杨妍茹
摘 要: 梁启超对欧洲工业革命以来的科技文明以及相应的民主政治的进步性持肯定态度,但在一战以后他更多关注的是重新审视中国文明,并通过比较西方文明思考中国文明的出路。他将政治和文化作为文明发展的两個主要构成部分或方面,而政治和文化的互动关系或张力常态决定了文明发展的价值取向。这些看法表明,梁启超关于文明发展的思想已经超越了洋务运动以来各种“体、用”之分的价值取向,认为中国和西方都是世界的组成部分,其政治和文化可以在世界文明的意义上相互作用。

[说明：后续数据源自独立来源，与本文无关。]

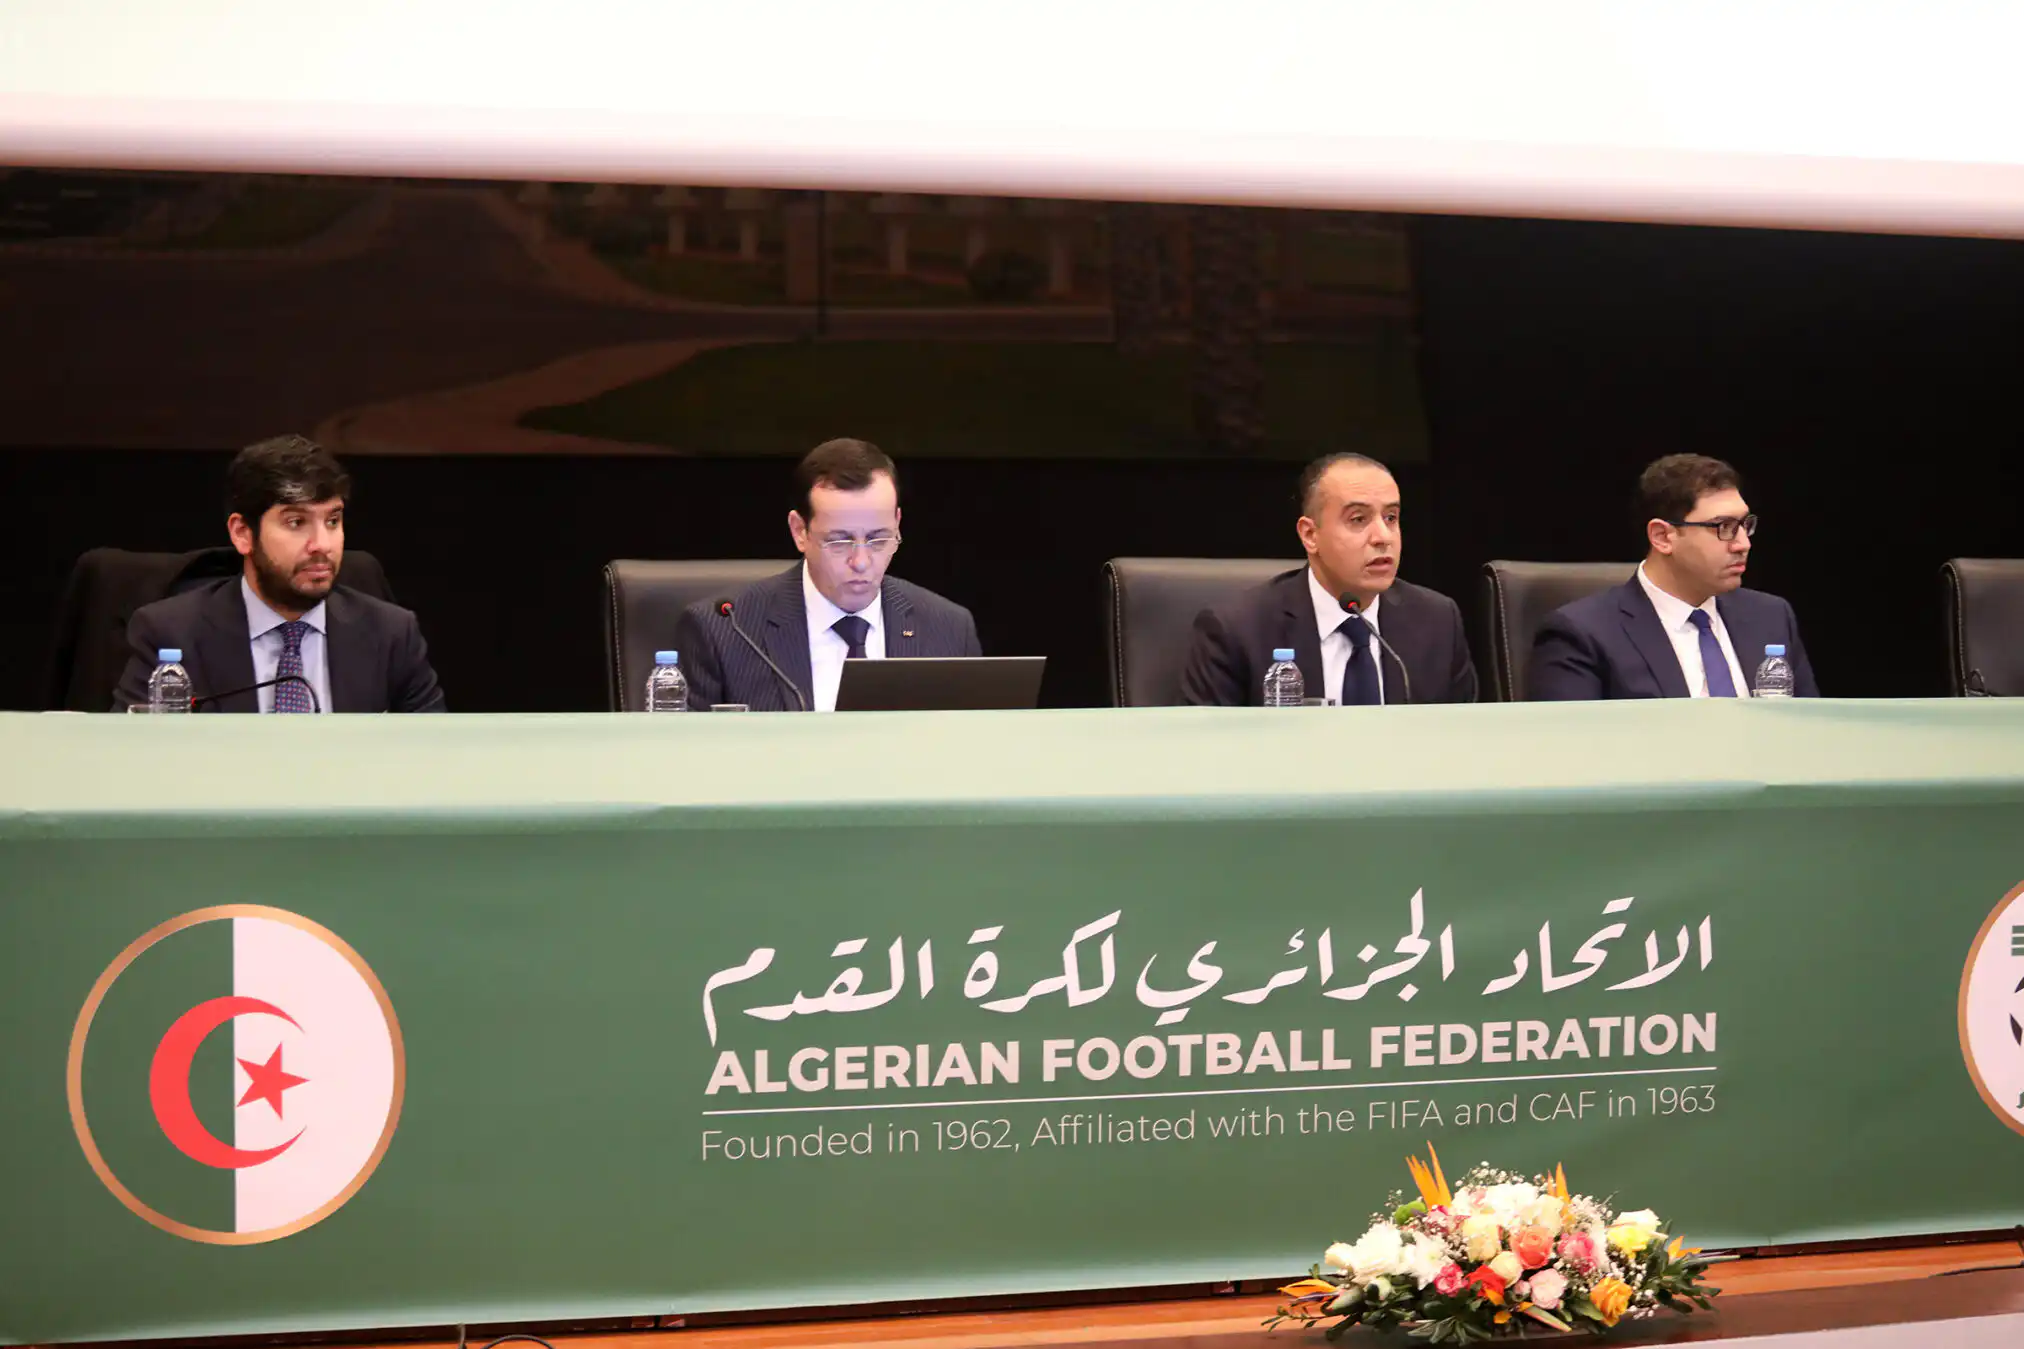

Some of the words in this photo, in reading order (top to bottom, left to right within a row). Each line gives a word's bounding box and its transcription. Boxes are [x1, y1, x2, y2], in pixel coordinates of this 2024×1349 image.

关键词: 梁启超; 文明发展; 世界主义; 新文化运动
中图分类号: D09 文献标识码: A DOI:10.13411/j.cnki.sxsx.2020.02.010
Political and Cultural Tension: Liang Qichaos Thoughts on Civilization Development
YANG Yan-ru
(School of Government, Peking University, Beijing 100871, China)

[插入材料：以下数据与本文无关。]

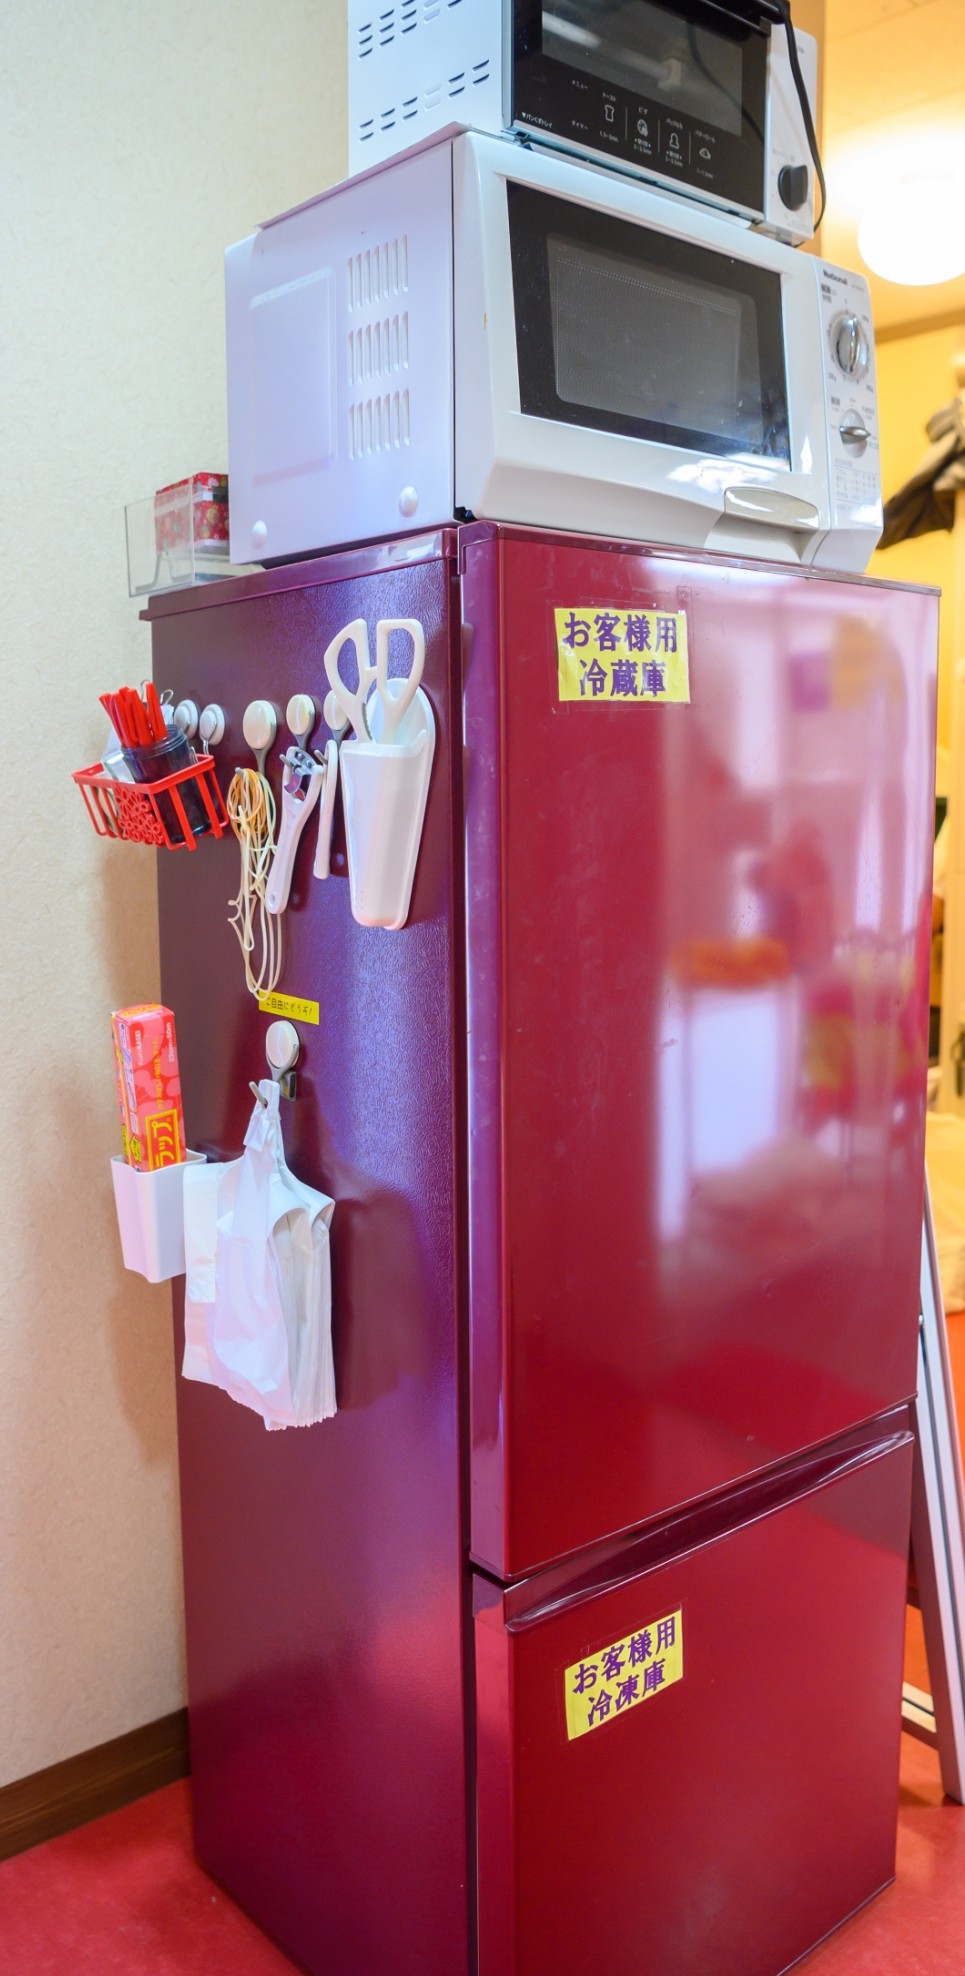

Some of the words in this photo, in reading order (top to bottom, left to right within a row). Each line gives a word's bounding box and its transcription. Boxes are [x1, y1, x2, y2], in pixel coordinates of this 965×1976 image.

[562, 611, 678, 653] お客様用
[579, 657, 667, 697] 冷蔵庫
[572, 1615, 676, 1695] お客様用
[587, 1657, 666, 1727] 冷凍庫

Abstract: Liang Qichao held a positive attitude towards the scientific and technological civilization since the industrial revolution in Europe and the progress of corresponding democratic politics. However, after the First World War, he paid more attention to re-examine Chinese civilization and thought about the way out of Chinese civilization by comparing western civilization. Liang Qichao believes that the politics and culture are regarded as two main components or aspects of civilization development, and the interaction or tension between the politics and culture determines the value orientation of civilization development. These views show that Liang Qichao's thoughts on the development of civilization have gone beyond the value orientation of “Ti”(the essence) and “Yong”(the technical way) since the westernization movement. Not only are China and the west part of the world, but the politics and culture can interact with each other in the sense of world civilization.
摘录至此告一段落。